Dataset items
☆ ☆ ☆ ☆

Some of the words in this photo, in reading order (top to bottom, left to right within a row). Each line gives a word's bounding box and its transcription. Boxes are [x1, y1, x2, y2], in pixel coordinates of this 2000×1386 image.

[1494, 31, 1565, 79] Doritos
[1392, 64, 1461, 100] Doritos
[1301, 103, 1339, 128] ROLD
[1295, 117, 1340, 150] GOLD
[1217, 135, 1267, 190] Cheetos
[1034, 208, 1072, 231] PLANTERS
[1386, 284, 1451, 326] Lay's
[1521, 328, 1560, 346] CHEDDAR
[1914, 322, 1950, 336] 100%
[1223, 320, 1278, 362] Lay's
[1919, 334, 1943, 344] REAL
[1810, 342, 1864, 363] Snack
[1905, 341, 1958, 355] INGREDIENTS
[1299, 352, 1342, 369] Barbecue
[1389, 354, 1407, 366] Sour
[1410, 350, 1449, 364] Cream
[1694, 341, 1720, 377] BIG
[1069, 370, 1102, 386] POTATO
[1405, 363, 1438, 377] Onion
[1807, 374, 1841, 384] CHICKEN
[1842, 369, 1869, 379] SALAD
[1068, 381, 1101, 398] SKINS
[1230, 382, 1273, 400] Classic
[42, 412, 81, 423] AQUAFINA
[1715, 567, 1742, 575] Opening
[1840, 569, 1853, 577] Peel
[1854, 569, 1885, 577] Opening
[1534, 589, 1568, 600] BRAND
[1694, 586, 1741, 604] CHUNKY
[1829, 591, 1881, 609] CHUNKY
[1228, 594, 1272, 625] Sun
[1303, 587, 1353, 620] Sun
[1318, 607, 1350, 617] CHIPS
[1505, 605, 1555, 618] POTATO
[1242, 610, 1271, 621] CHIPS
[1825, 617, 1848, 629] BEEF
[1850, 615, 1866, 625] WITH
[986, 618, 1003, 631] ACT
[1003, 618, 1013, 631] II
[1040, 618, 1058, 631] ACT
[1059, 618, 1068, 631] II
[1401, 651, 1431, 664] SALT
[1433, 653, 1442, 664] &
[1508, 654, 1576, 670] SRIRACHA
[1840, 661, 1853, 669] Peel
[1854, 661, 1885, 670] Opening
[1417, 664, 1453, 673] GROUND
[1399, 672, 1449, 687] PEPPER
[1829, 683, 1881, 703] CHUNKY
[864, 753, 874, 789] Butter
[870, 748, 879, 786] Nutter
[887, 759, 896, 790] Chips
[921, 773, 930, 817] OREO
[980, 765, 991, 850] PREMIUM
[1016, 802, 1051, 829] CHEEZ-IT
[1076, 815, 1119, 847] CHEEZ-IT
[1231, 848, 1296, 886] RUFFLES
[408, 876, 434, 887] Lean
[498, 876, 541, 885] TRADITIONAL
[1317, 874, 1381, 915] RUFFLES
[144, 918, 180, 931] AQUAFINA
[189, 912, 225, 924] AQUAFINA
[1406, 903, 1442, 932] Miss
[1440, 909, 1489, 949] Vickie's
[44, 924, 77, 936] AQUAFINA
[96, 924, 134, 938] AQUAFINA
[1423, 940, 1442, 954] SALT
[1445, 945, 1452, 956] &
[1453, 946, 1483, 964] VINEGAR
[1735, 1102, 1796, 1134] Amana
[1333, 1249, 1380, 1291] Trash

☆ ☆ ☆ ☆

• **What you should do**
Each entry above is to be printed again exactly.

• **Solution below**
Some of the words in this photo, in reading order (top to bottom, left to right within a row). Each line gives a word's bounding box and its transcription. Boxes are [x1, y1, x2, y2], in pixel coordinates of this 2000×1386 image.

[1494, 31, 1565, 79] Doritos
[1392, 64, 1461, 100] Doritos
[1301, 103, 1339, 128] ROLD
[1295, 117, 1340, 150] GOLD
[1217, 135, 1267, 190] Cheetos
[1034, 208, 1072, 231] PLANTERS
[1386, 284, 1451, 326] Lay's
[1521, 328, 1560, 346] CHEDDAR
[1914, 322, 1950, 336] 100%
[1223, 320, 1278, 362] Lay's
[1919, 334, 1943, 344] REAL
[1810, 342, 1864, 363] Snack
[1905, 341, 1958, 355] INGREDIENTS
[1299, 352, 1342, 369] Barbecue
[1389, 354, 1407, 366] Sour
[1410, 350, 1449, 364] Cream
[1694, 341, 1720, 377] BIG
[1069, 370, 1102, 386] POTATO
[1405, 363, 1438, 377] Onion
[1807, 374, 1841, 384] CHICKEN
[1842, 369, 1869, 379] SALAD
[1068, 381, 1101, 398] SKINS
[1230, 382, 1273, 400] Classic
[42, 412, 81, 423] AQUAFINA
[1715, 567, 1742, 575] Opening
[1840, 569, 1853, 577] Peel
[1854, 569, 1885, 577] Opening
[1534, 589, 1568, 600] BRAND
[1694, 586, 1741, 604] CHUNKY
[1829, 591, 1881, 609] CHUNKY
[1228, 594, 1272, 625] Sun
[1303, 587, 1353, 620] Sun
[1318, 607, 1350, 617] CHIPS
[1505, 605, 1555, 618] POTATO
[1242, 610, 1271, 621] CHIPS
[1825, 617, 1848, 629] BEEF
[1850, 615, 1866, 625] WITH
[986, 618, 1003, 631] ACT
[1003, 618, 1013, 631] II
[1040, 618, 1058, 631] ACT
[1059, 618, 1068, 631] II
[1401, 651, 1431, 664] SALT
[1433, 653, 1442, 664] &
[1508, 654, 1576, 670] SRIRACHA
[1840, 661, 1853, 669] Peel
[1854, 661, 1885, 670] Opening
[1417, 664, 1453, 673] GROUND
[1399, 672, 1449, 687] PEPPER
[1829, 683, 1881, 703] CHUNKY
[864, 753, 874, 789] Butter
[870, 748, 879, 786] Nutter
[887, 759, 896, 790] Chips
[921, 773, 930, 817] OREO
[980, 765, 991, 850] PREMIUM
[1016, 802, 1051, 829] CHEEZ-IT
[1076, 815, 1119, 847] CHEEZ-IT
[1231, 848, 1296, 886] RUFFLES
[408, 876, 434, 887] Lean
[498, 876, 541, 885] TRADITIONAL
[1317, 874, 1381, 915] RUFFLES
[144, 918, 180, 931] AQUAFINA
[189, 912, 225, 924] AQUAFINA
[1406, 903, 1442, 932] Miss
[1440, 909, 1489, 949] Vickie's
[44, 924, 77, 936] AQUAFINA
[96, 924, 134, 938] AQUAFINA
[1423, 940, 1442, 954] SALT
[1445, 945, 1452, 956] &
[1453, 946, 1483, 964] VINEGAR
[1735, 1102, 1796, 1134] Amana
[1333, 1249, 1380, 1291] Trash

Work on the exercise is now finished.